Monday, April 9, 2018

Assessing the Role of Maturation in Pediatric Critical Care Fellows’ Palliative Care Attitudes, Knowledge, and Skills Surrounding a Pilot Educational Initiative

S Rhodes Short
Cincinnati Children's Hospital
The importance of Palliative Care and End of Life Care (PC, EOL) for children in the Pediatric Intensive Care Unit (PICU) with life-limiting, chronic conditions is increasingly recognized as it affects patient and family outcomes and their perceptions of quality of care.  Pediatricians and trainees frequently report deficiencies in PC education and knowledge affecting their practice of Palliative Care.  Less is known about the perspectives of Pediatric Critical Care Medicine (PCCM) Fellows’ whose practice in a high mortality unit requires PC and EOL expertise.
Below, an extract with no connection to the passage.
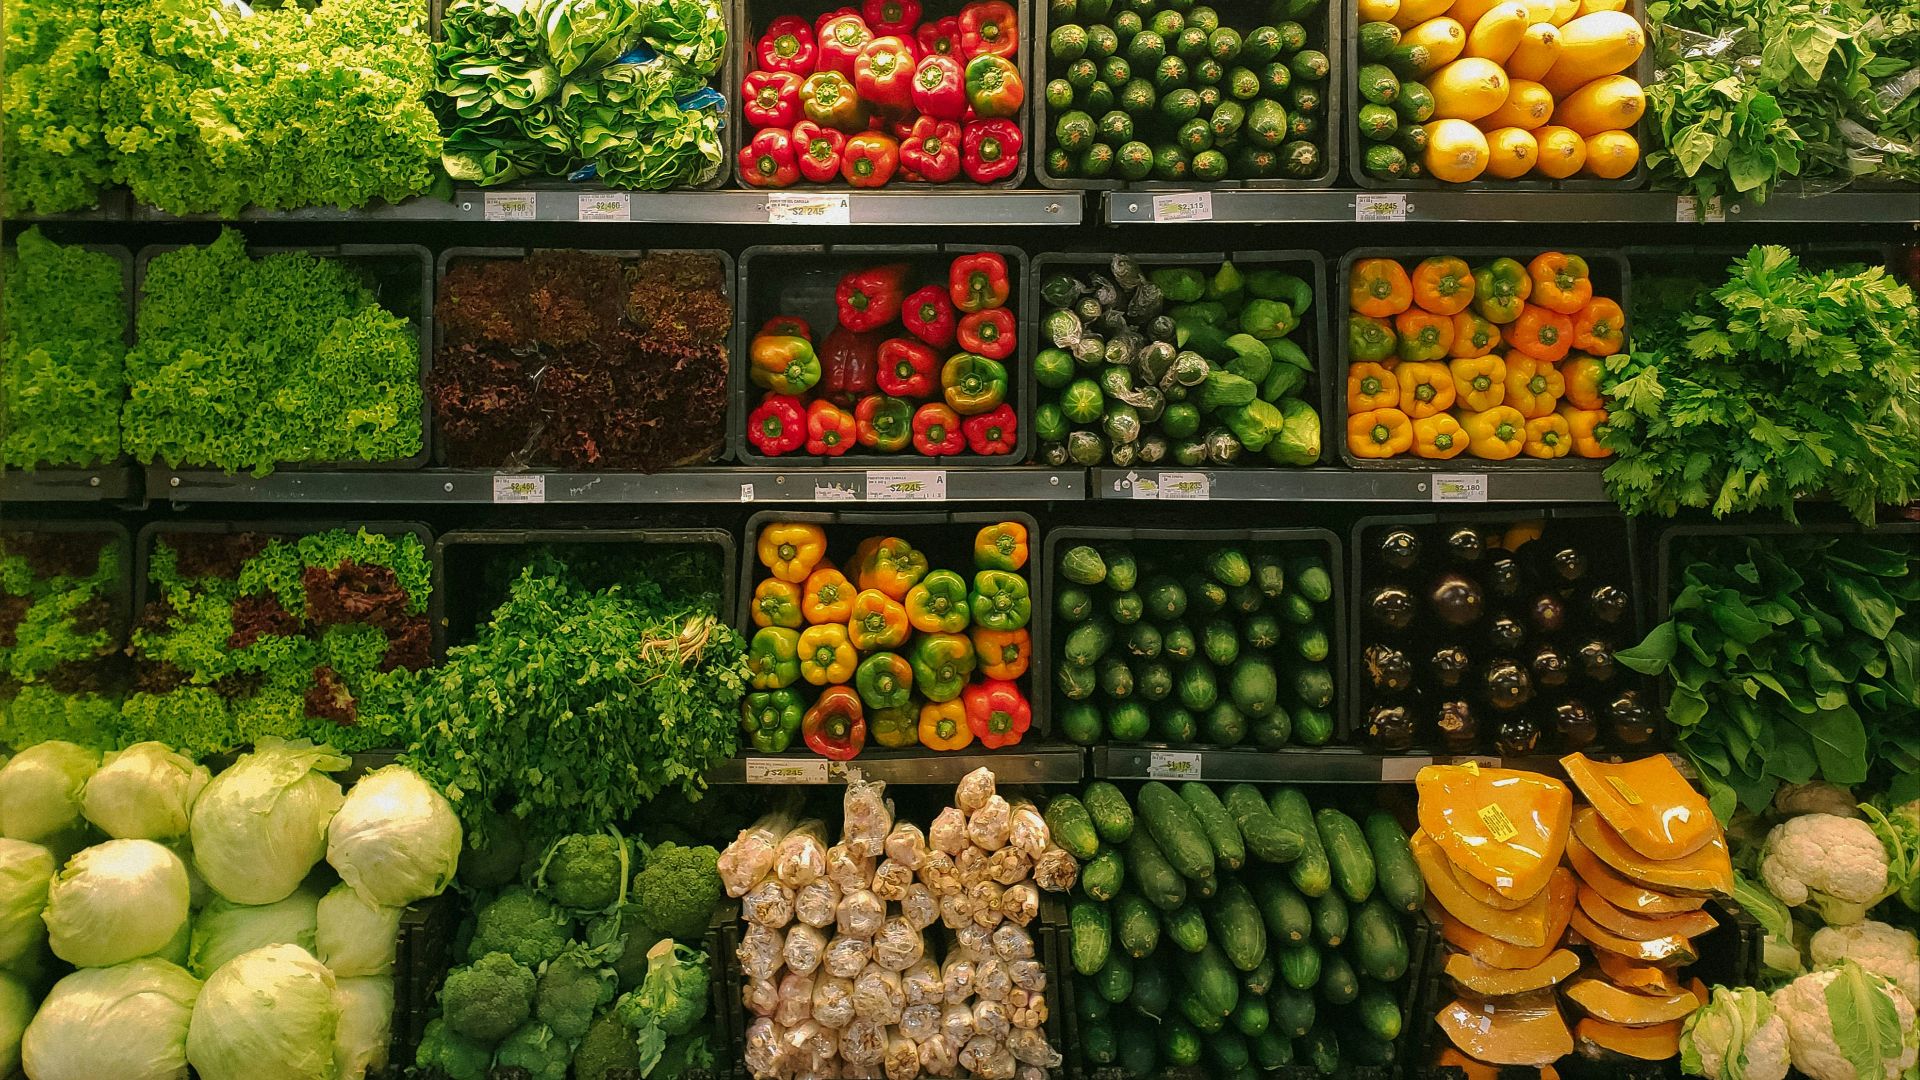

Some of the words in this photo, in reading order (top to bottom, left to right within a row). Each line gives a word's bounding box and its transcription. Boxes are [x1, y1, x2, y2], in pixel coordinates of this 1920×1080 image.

[890, 484, 921, 492] $2,245
[1167, 761, 1191, 769] $1,175
[771, 769, 803, 777] $2,245
This prospective cohort study measured PC knowledge, attitudes, and skills of PCCM fellows at one center surrounding a series of PC workshops in efforts to determine how maturation impacts these indices.  Two validated, adapted tools evaluated endpoints; a Survey of PCCM fellows’ comfort, knowledge, and experience and a Communication Assessment used to evaluate communication skills in simulated encounters.  These measures indicate that PCCM fellows’ knowledge, attitudes, and skills are not affected by maturation through a pediatric intensive care fellowship.  Maturation did not alter self-appraised comfort providing PC including managing emotion, conflict, EOL symptoms, and legal issues.  Nor, did it improve objective knowledge scores (by year; 1st 54%; 2nd 46%; 3rd 51%) or communication skills (scale 0-4)(1st 2.2; 2nd 2.6; 3rd 2).  Following exposures to the workshops, more PCCM fellows found PC education helpful (90 v 60% p < 0.05) with openness more varied modalities such as workshops, online modules, and role-play versus pre-workshop. This study demonstrates PC knowledge gaps and a lack of communication skills commiserate with self-reported comfort and post-graduate year amongst PCCM fellows.  Findings indicate that PCCM fellows want and need specific curricula to affect knowledge, skills and competent practice.